Vous citez des exemples d'écoles démocratiques. Pouvez vous en présenter une ?

 

Il y a en effet des gens qui veulent changer l'école. Par exemple en Belgique La maison des enfants. Elle marche depuis des années. C'est une école sans notes où les évaluations sont participatives.

 

Un enseignant peut-il faire évoluer les choses seul ?

 

Dans l'ouvrage on est le plus concret possible. On montre par exemple des "premières fois", des moments où les enseignants osent quelque chose. Par exemple arrêter de mettre des notes. Maria-Alice Medioni explique en détail comment elle a fait et ce qui s'est produit. On montre dans cette dernière partie du livre qu'on peut faire des quantités de choses pour changer l'école et ouvrir la porte de la démocratie. On peut par exemple introduire de l'entraide.

 

Propos recueillis par François Jarraud

Eveline Charmeux (dir). Pour que la démocratie entre à l'École. Editions du croquant. ISBN 9782365123037. 18€

 

 

 

Par fjarraud , le vendredi 26 novembre 2021.

Commentaires

  • Kimbam, le 10/01/2022 à 06:46
    Schools should be more and more advance because of the technology and the different upgrades in the learning process.
    www.bakersfield-handyman.com/

  • delacour, le 27/11/2021 à 10:15

    "Ilpréconise l'apprentissage du déchiffrage oralisé, pas de la lecture. C'est une double erreur. La lecture est une activité visuelle qui n'a rien à voir avec l'oral. L'activité de déchiffrage oralisé est contraire à la lecture. L'œil neperçoit pas les choses au fur et à mesure suivant un défilement."

    Tout à fait d'accord.

    La seule possibilité logique est de se conformer à l'invention de l'écriture, commencer par apprendre à écrire au lieu decommencer par apprendre à lire. Apprendre à lire sera une conséquence de l'écriture : un mot qu'on écrit est nécessairement compris puisqu'on a codé essentiellement du sens à travers un codage des sons. Restera à aider l'œil à apprendre à lire, à reconnaitre les mots plus qu'à les décoder, même si lecodage écrit fournit des indications quant au décodage de certaines lettres ou groupes de lettres.

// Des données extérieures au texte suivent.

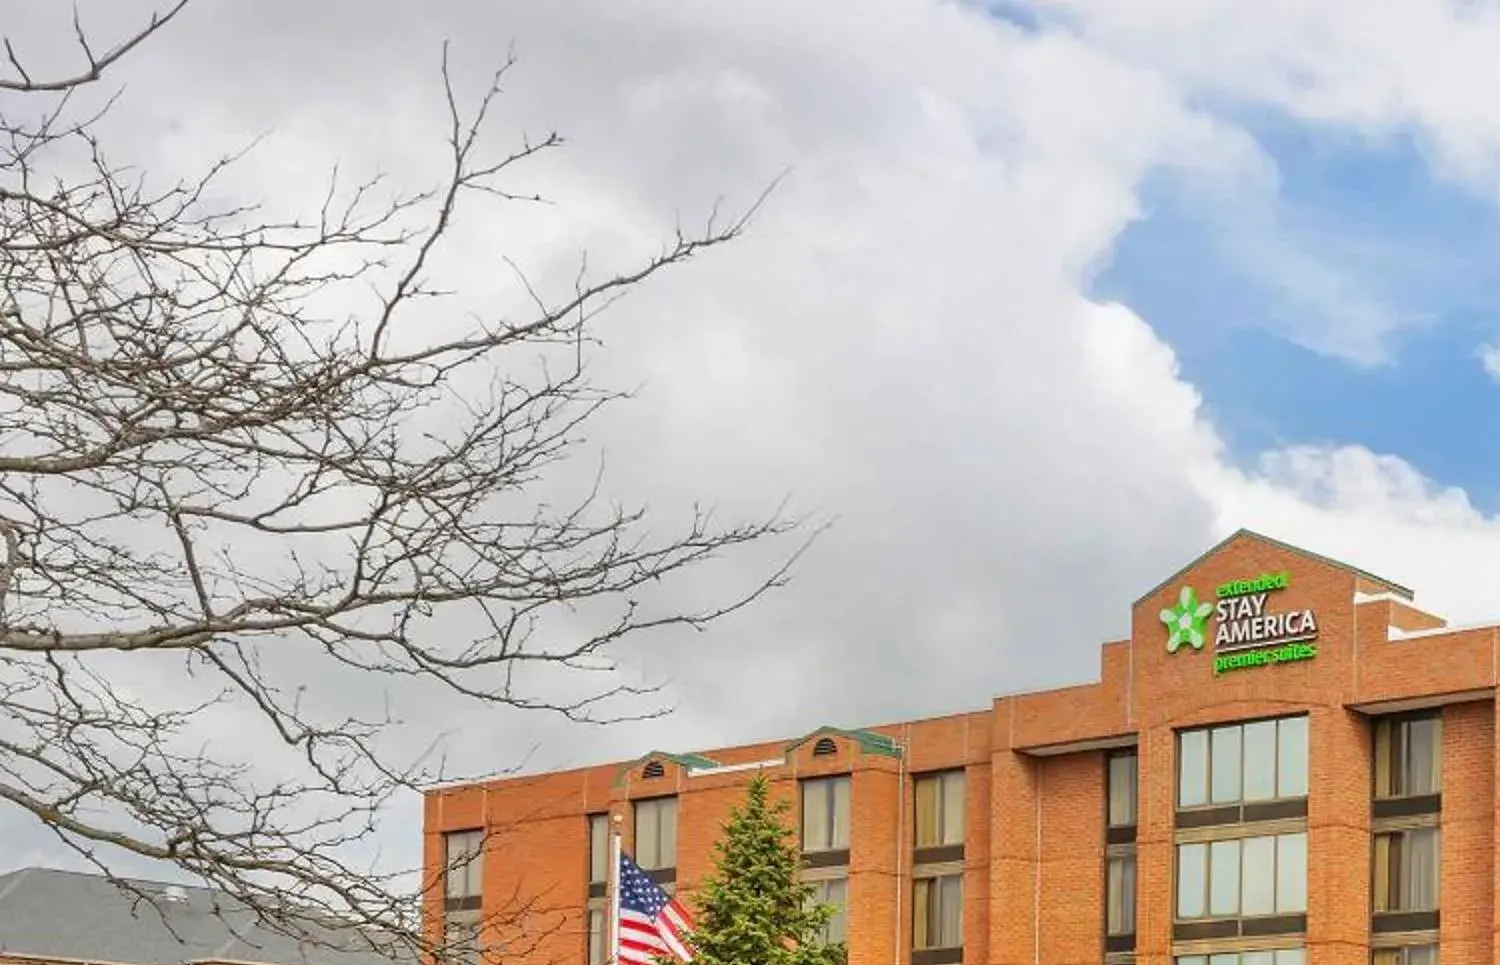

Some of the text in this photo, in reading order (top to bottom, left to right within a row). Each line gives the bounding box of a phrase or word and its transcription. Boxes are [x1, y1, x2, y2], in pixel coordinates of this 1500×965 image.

    Il faudrait donc de nouvelles instructionsofficielles : apprenez à écrire, la lecture en découlera.

    Mais quand des "savants" s'obstinent à faire décoder la lettre "a" en /a/, ils inversent le cours de l'histoire. C'est le son /a/ qui a souvent été codé "a" dans 95% desoccurrences (femme et solennel..). Par contre si on voit "a" dans un texte il faut avoir beaucoup de chance pour lui attribuer un son (12 décodages possibles) et plus de 50% des "a" vus ne se décodent pas /a/, et pour y arriver que faut-il ? Avoir commencé par coder (appris à écrire) le mot concerné pour être certain de le reconnaître (et pas le décoder).

    Les enfants actuels décodeurs qui ne font pas le saut de la reconnaissance sont ceux qui n'apprennent pas à lire. Ils respectent les consignes de décodages (souvent impossible si on ne sait pas discerner lesempans sonores) et décodent /a/ dans maison ou faisions…

    En suivant la progression écrilu (voir le site),on commence par apprendre à écrire les mots, à cet instant la coordination temporelle et spatiale est facile (un phonème dans le temps, une graphie sur un axe orienté), pour les reconnaître ensuite, alors l'œil entre en jeu et lit, captant le sens même si les lettres sont parfois à la mauvaise place. (captnat le sens même si les letrtres sont prafios à la muavaise place).

    Il faut d'abord apprendre à écrire pour pouvoir apprendre à lire.

    Ferrara dans son livre "la fabuleuse histoirede l'invention de l'écriture" (Seuil2021) donne deux exemples d'analphabètes créant de toute pièce l'écriture (donc la lecture) de leur langue respective (pages 190 et suivantes). Même si on ne sait pas lire, on peut créer une écriture, l'inverse est impossible : si on ne sait pas écrire on ne peut pas lire directement. Les paléographes le savent bien.

    Pour que l'œil puisse effectuer un travail correct sans trahir l'orthographe, il faut commencer par écrire.